Geisel School of Medicine at Dartmouth, Hanover, NH, USA.
Department of Neurology, Dartmouth Health, Lebanon, NH, USA.
BMC Neurol. 2024 Aug 3;24(1):272. doi: 10.1186/s12883-024-03760-7.
Despite the frequent diagnostic delays of rare neurologic diseases (RND), it remains difficult to study RNDs and their comorbidities due to their rarity and hence the statistical underpowering. Affecting one to two in a million annually, stiff person syndrome (SPS) is an RND characterized by painful muscle spasms and rigidity. Leveraging underutilized electronic health records (EHR), this study showcased a machine-learning-based framework to identify clinical features that optimally characterize the diagnosis of SPS.
A machine-learning-based feature selection approach was employed on 319 items from the past medical histories of 48 individuals (23 with a diagnosis of SPS and 25 controls) with elevated serum autoantibodies against glutamic-acid-decarboxylase-65 (anti-GAD65) in Dartmouth Health's EHR to determine features with the highest discriminatory power. Each iteration of the algorithm implemented a Support Vector Machine (SVM) model, generating importance scores-SHapley Additive exPlanation (SHAP) values-for each feature and removing one with the least salient. Evaluation metrics were calculated through repeated stratified cross-validation.
Depression, hypothyroidism, GERD, and joint pain were the most characteristic features of SPS. Utilizing these features, the SVM model attained precision of 0.817 (95% CI 0.795-0.840), sensitivity of 0.766 (95% CI 0.743-0.790), F-score of 0.761 (95% CI 0.744-0.778), AUC of 0.808 (95% CI 0.791-0.825), and accuracy of 0.775 (95% CI 0.759-0.790).
This framework discerned features that, with further research, may help fully characterize the pathologic mechanism of SPS: depression, hypothyroidism, and GERD may respectively represent comorbidities through common inflammatory, genetic, and dysautonomic links.
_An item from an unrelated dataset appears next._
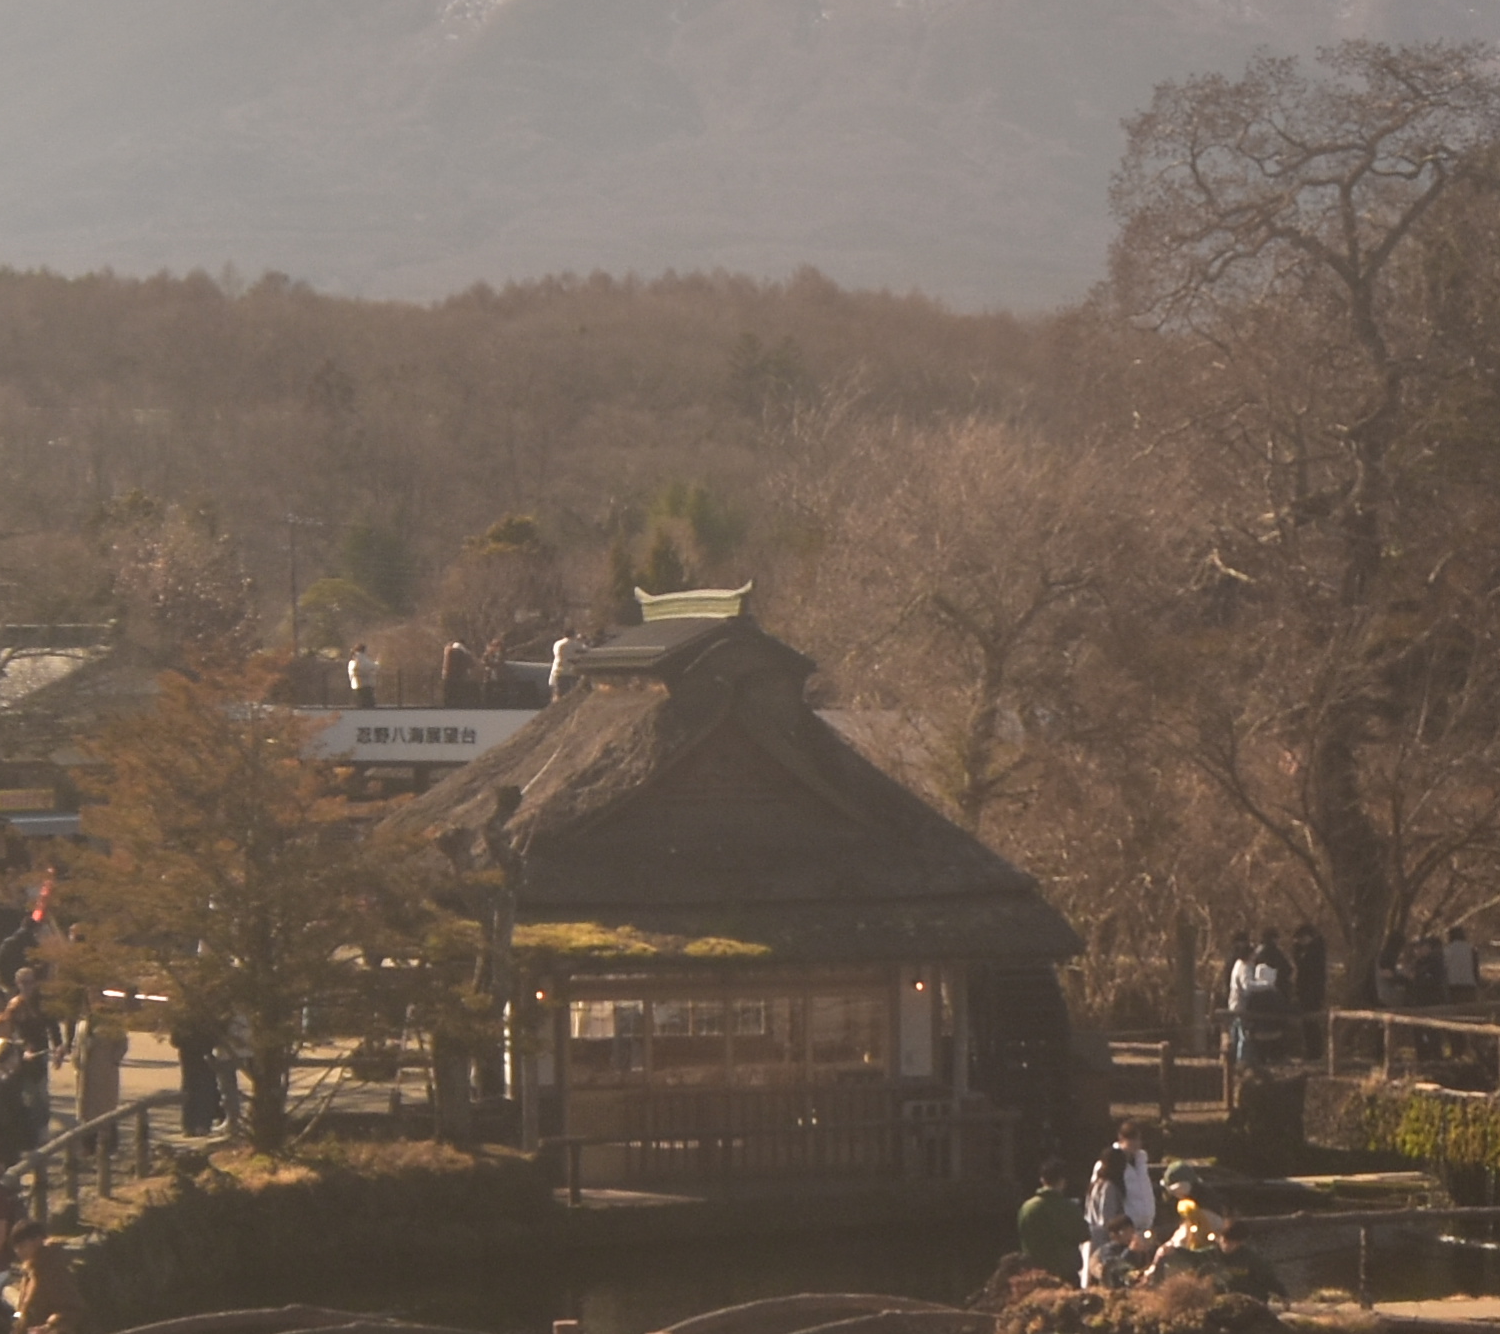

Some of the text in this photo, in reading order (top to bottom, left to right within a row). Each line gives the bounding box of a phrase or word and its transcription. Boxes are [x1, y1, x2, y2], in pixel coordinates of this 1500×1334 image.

[356, 726, 477, 744] 忍野八海展望台
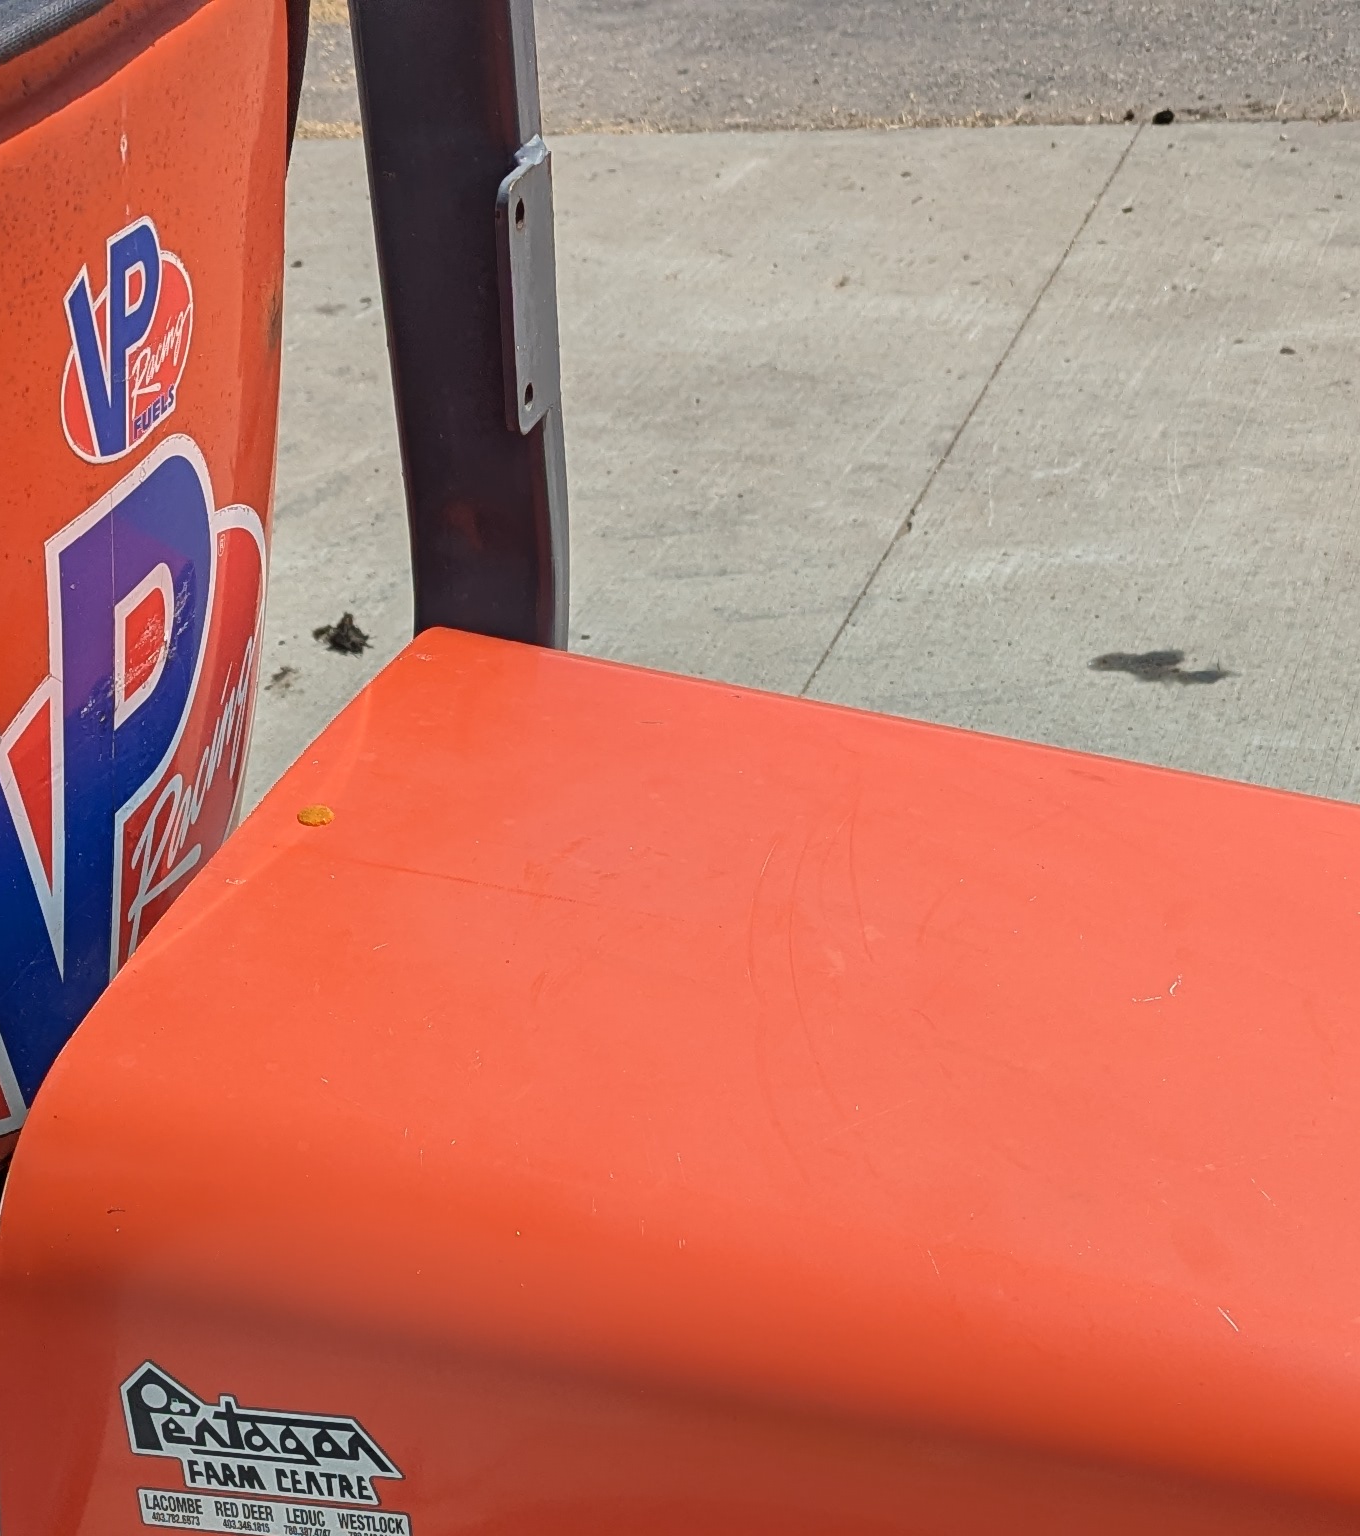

This methodology could address diagnostic challenges in neurology by uncovering latent associations and generating hypotheses for RNDs.
尽管罕见神经疾病(RND)的诊断常常存在延迟,但由于其罕见性,统计数据的效力不足,因此仍然难以研究 RND 及其合并症。僵硬人综合征(SPS)每年影响一百万分之一到两百万分之一,是一种以疼痛性肌肉痉挛和僵硬为特征的 RND。本研究利用未充分利用的电子健康记录(EHR),展示了一种基于机器学习的框架,用于识别最佳表征 SPS 诊断的临床特征。
在达特茅斯健康 EHR 中,对过去病史中的 319 项内容(48 名个体,其中 23 名被诊断为 SPS,25 名对照)进行基于机器学习的特征选择方法,这些个体的血清谷氨酸脱羧酶 65 自身抗体(抗-GAD65)水平升高,以确定具有最高判别力的特征。算法的每一次迭代都生成一个支持向量机(SVM)模型,为每个特征生成重要性评分-SHapley Additive exPlanation(SHAP)值,并删除一个最不重要的特征。通过重复分层交叉验证计算评估指标。
抑郁、甲状腺功能减退、胃食管反流病和关节痛是 SPS 最具特征性的特征。利用这些特征,SVM 模型的精度为 0.817(95%CI 0.795-0.840),敏感性为 0.766(95%CI 0.743-0.790),F 分数为 0.761(95%CI 0.744-0.778),AUC 为 0.808(95%CI 0.791-0.825),准确率为 0.775(95%CI 0.759-0.790)。
该框架辨别出的特征,经过进一步研究,可能有助于全面表征 SPS 的病理机制:抑郁、甲状腺功能减退和胃食管反流病可能分别通过共同的炎症、遗传和自主神经紊乱联系代表合并症。这种方法可以通过揭示潜在的关联并为 RND 生成假说,来解决神经科的诊断挑战。